The case of Abigail Hanna--the pretty, blonde 21-year-old who allegedly kidnapped a toddler she once cared for before shaving her head, burning her with cigarettes, and leaving her by the side of the road some eight miles from her home--has the media fascinated, and it's easy to understand why: It's a dramatic, made-for-TV sort of case featuring a small child who endured horrific torture allegedly at the hands of someone who had once been charged with keeping her safe.
That Hanna was a bright, beautiful--and, it must be said, white--college student seems to have amplified the appeal and turned the story into international news, with everyone asking, in one way or another, how someone with so much potential can commit such a heinous crime. How can someone like her become, as the Daily Beast calls her, "the babysitter from hell"?
Except criminals come in all shapes, sizes, colors, and backgrounds. So, of course, do the mentally ill.
Indeed, it appears that Hanna--who was arrested on multiple charges, including kidnapping, assault and battery on a child, and breaking and entering at night--may suffer from severe mental illness. Earlier this week, when she appeared in court for her arraignment, she could not stand without assistance and appeared vacant-eyed.
A court clinician who had examined her testified that Hanna "was unable to present a factual understanding of the charges or even understanding of where she was that was completely logical." Hanna also expressed suicidal ideation and was experiencing "multiple psychotic symptoms including auditory hallucinations."
According to the National Alliance on Mental Illness, 61.5 million Americans suffer from mental illness in any given year, while the CDC reports that just over a third of people with severe depression had been to see a mental health professional within the previous year.
Mental illness is highly common and exceedingly undertreated.

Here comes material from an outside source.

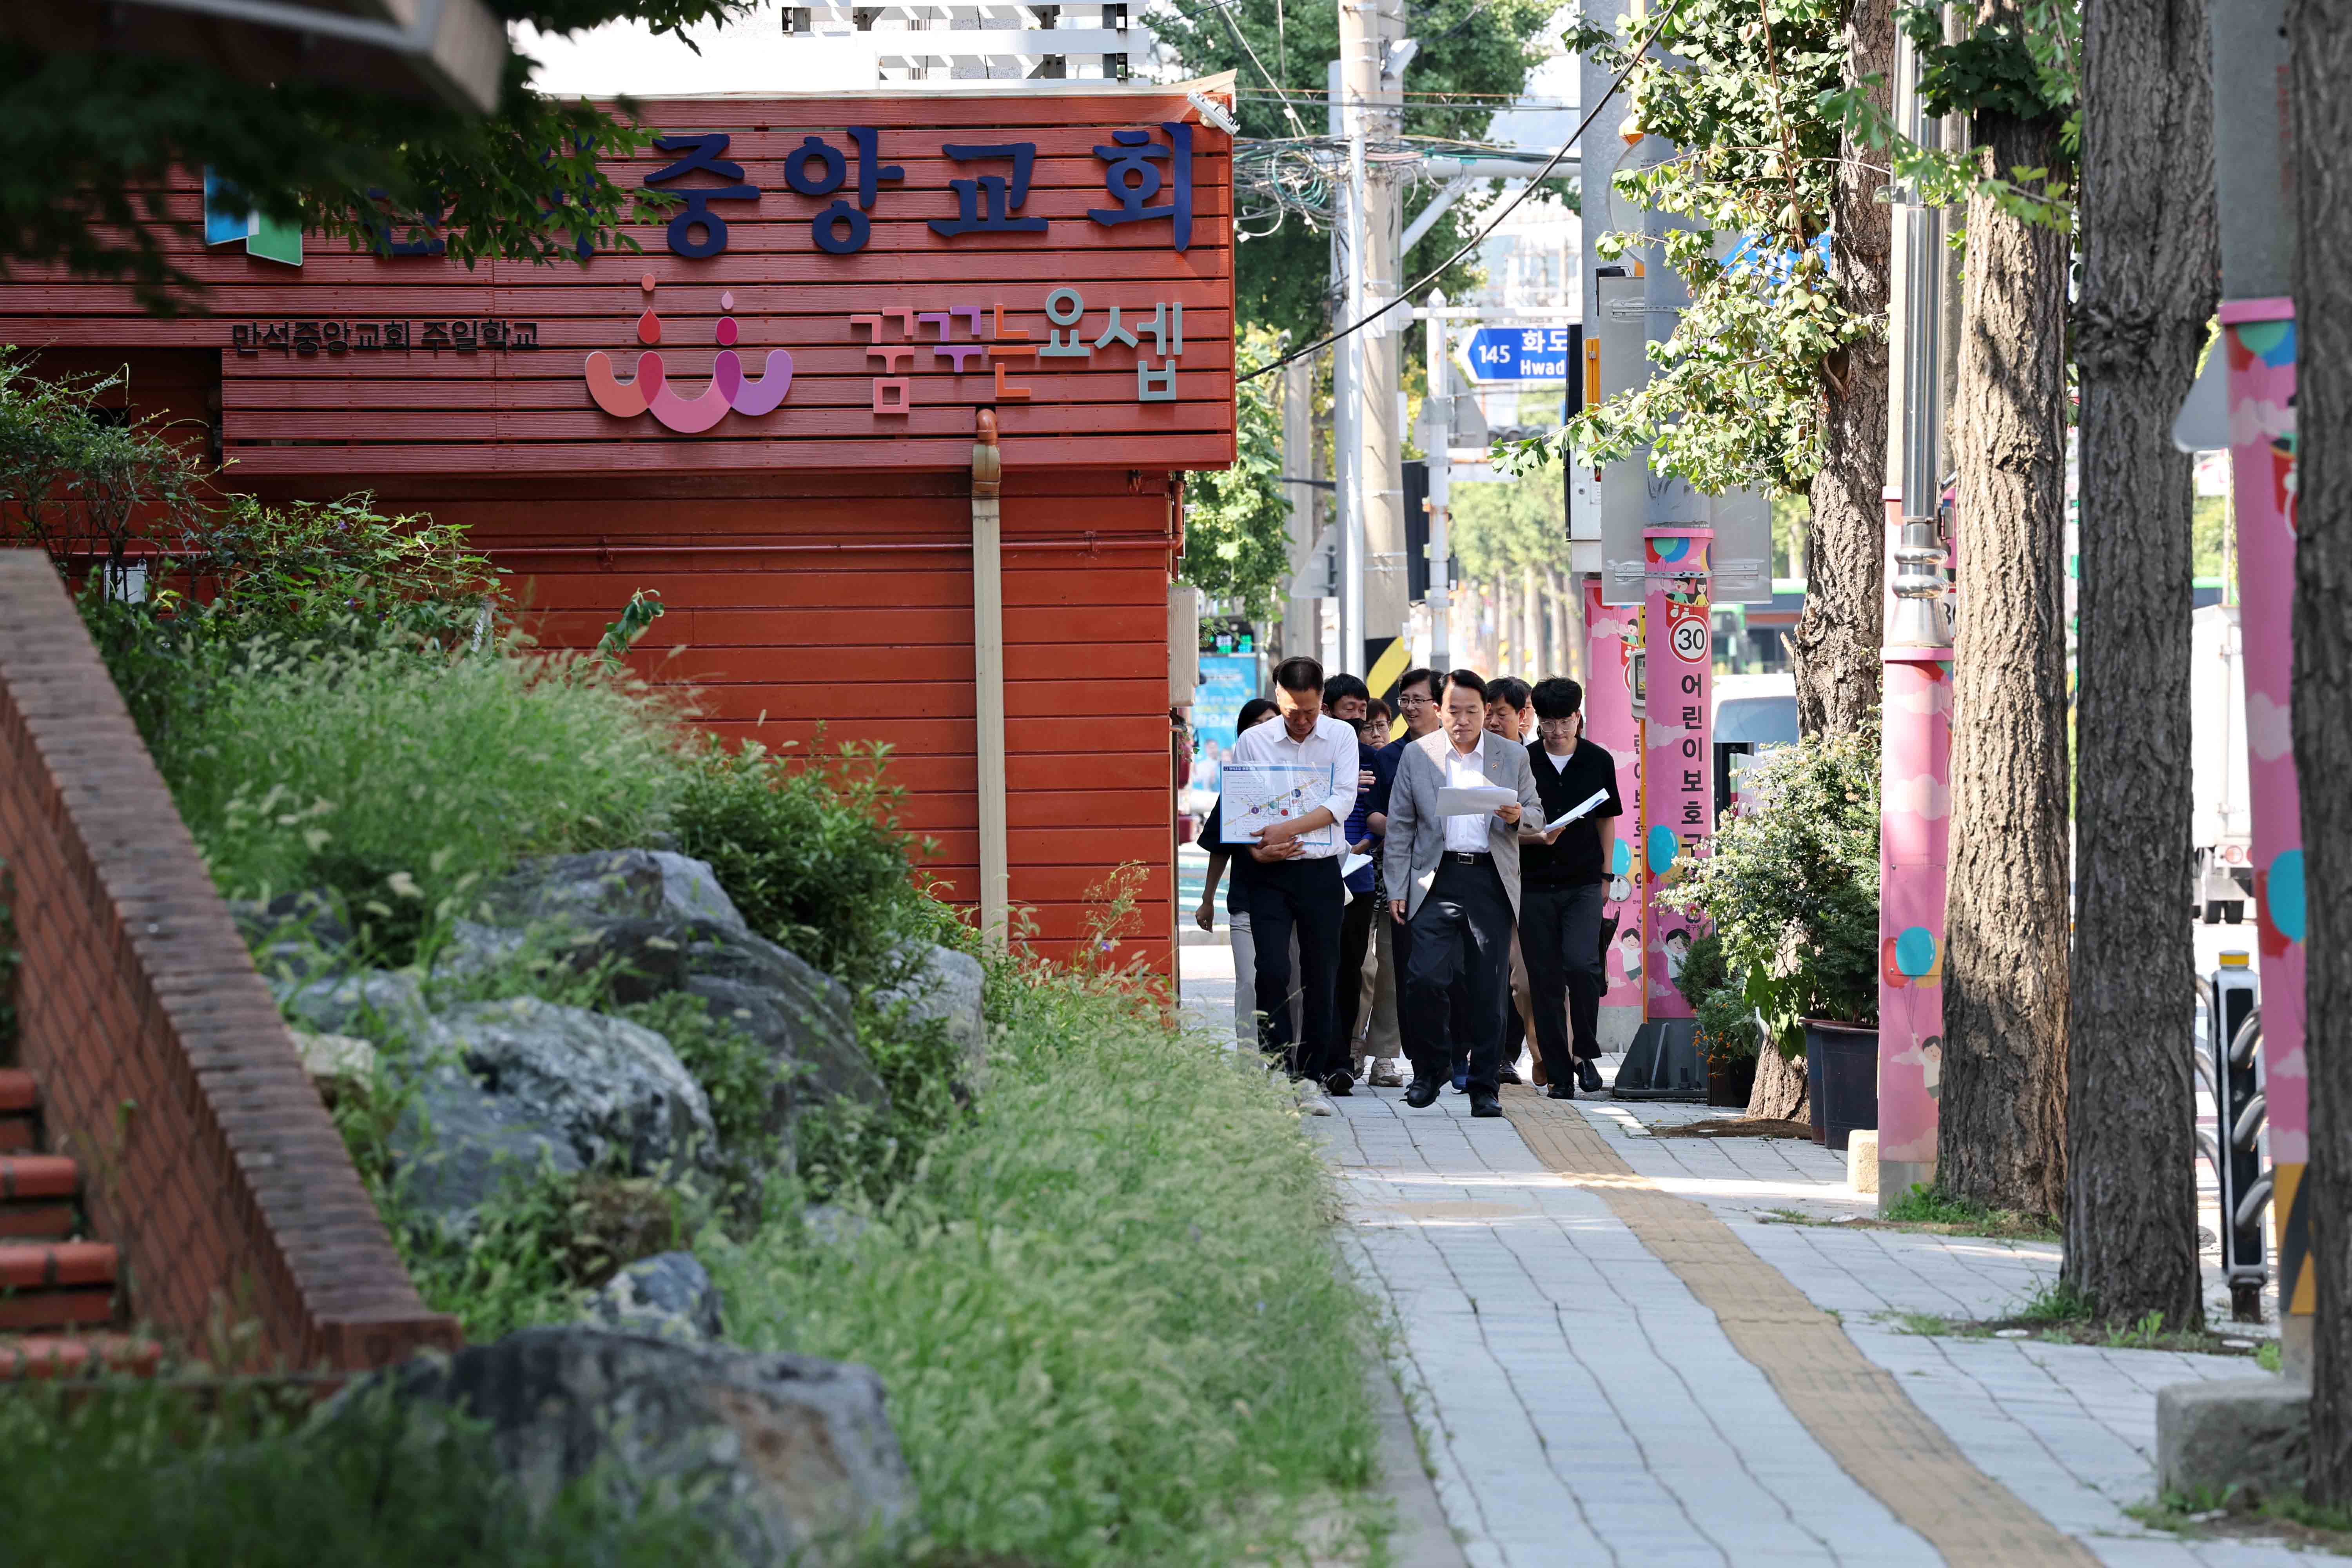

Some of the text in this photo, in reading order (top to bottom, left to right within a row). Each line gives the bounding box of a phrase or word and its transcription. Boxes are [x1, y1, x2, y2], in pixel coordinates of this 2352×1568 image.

[363, 121, 1192, 259] 중앙교회
[232, 318, 540, 357] 만석중앙교회 주일학교
[1479, 345, 1511, 363] 145
[1678, 628, 1705, 651] 30

And yet in searching for Hanna's motive--some explanation for why the blond, blue-eyed girl with so much going for her would do such a thing--the media seems to have underestimated the power of mental illness.
At the very least, there seems to be an insistence on fixating on the qualities that seem to make Hanna's crime--and, perhaps, her mental illness--so unbelievable, posting photo after photo of the young woman in happier times. As the Daily Beast writes, "it's unclear why Hanna, a newly engaged former camp counselor, would snatch and abuse her former client." Her Facebook photos, after all, show her "beaming with friends, picking apples, and stirring coffee."

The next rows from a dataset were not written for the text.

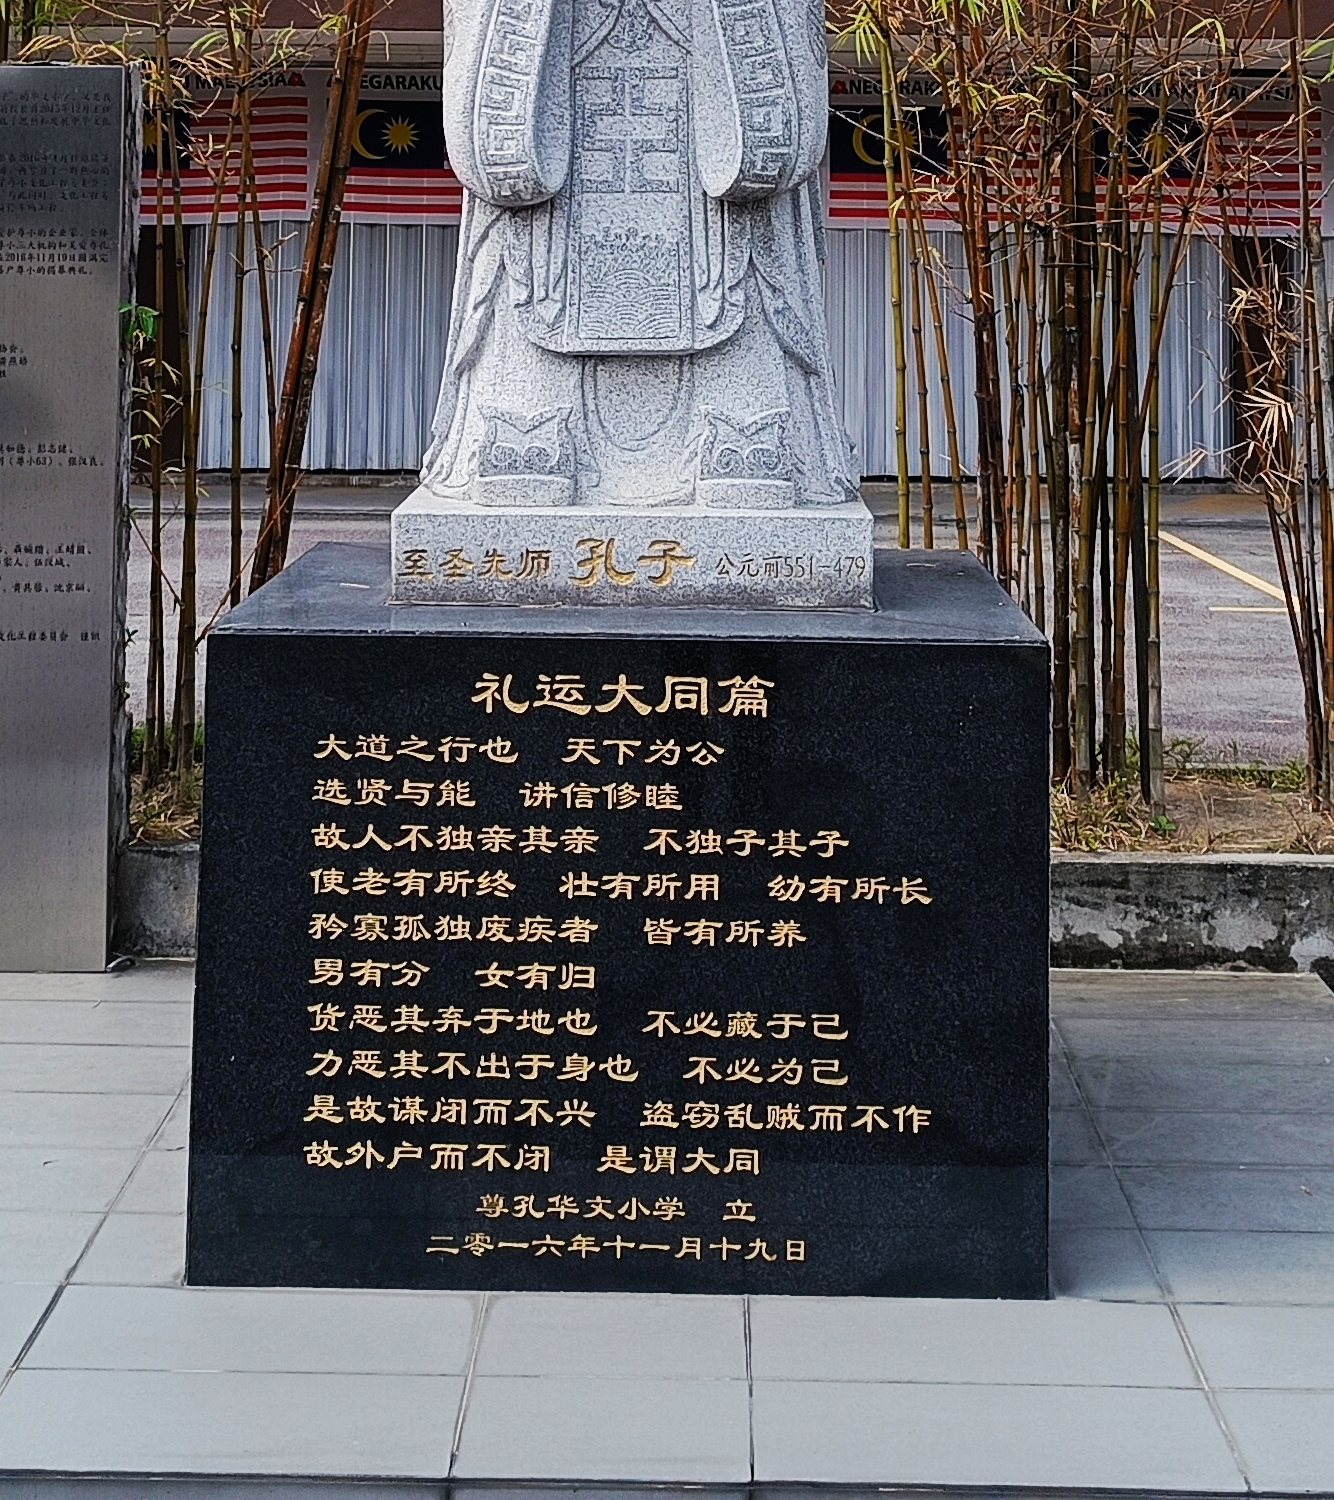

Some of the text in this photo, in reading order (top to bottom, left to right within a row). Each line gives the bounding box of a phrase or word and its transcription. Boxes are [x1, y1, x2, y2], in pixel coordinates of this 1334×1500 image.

[195, 71, 288, 89] MALSIA
[350, 73, 443, 91] EGARAKU
[849, 79, 943, 96] NEGRAK
[397, 537, 867, 587] 至圣先师 孔子 公元前551-479
[470, 672, 775, 718] 礼运大同篇
[313, 733, 725, 766] 大道之行也 天下为公
[311, 778, 683, 811] 选贤与能 讲信修睦
[310, 822, 850, 858] 故人不独亲其亲 不独子其子
[309, 866, 933, 905] 使老有所终 壮有所用 幼有所长
[307, 912, 807, 948] 矜寡孤独废疾者 皆有所养
[308, 958, 596, 991] 男有分 女有归
[306, 1002, 849, 1041] 货恶其弃于地也 不必藏于己
[305, 1048, 849, 1086] 力恶其不出于身也 不必为己
[302, 1094, 932, 1134] 是故谋闭而不兴 盗窃乱贼而不作
[302, 1139, 760, 1176] 故外户而不闭 是谓大同
[475, 1193, 757, 1223] 尊孔华文小学 立
[425, 1232, 805, 1262] 二零一六年十一月十九日

As if mentally ill people don't pick apples.
Here's the thing about mental illness, the thing we too often forget when looking for answers to the why and the how: Mental illness acts without prejudice and motive. And, very often, it acts without fair warning. It can be maddening to try to figure out why a person suffering from mental illness acts as she does, and there can often be no answers. While there can be a trigger to a psychotic break, that's not always the case. While a mentally ill person committing a crime can have motive to do so, that's also not always the case. The fact is that there's so much, too much, we don't understand about mental illness.
Some reports note that Hanna suffered a miscarriage not long ago. Another headline introduces the idea that she was an avid pot smoker, as if that explains anything. She was, reports say, a frequent shoplifter.
Hanna was also, reportedly, recently engaged, and the question has been implied: How could someone "normal" enough to have a fiancé commit such a horrific crime? Didn't he--didn't anyone--see this coming? He may have; we haven't heard from him. But holding anyone else but Hanna accountable is to ignore the very quality that can make mental illness so tragic: its unpredictably. What's more, to wonder how Hanna could have had a fiancé is to imply that mentally ill people can't be loved. They can, and they are.
This isn't to say Hanna should not be held accountable for her actions. If she is ill, she deserves help, and, if she was aware she needed help, it's truly a tragedy that she didn't seek it earlier. But it's a disservice to those suffering from mental illness to continue looking at these cases as if they are explainable; as if there must be reason for every action. For many people who suffer from mental illness, there is no explanation or cause or sense.
As one criminologist examining Hanna's case put it, "This is a crime that is totally nonsensical." The same could be said about mental illness in general. The problem is that we don't say it nearly enough.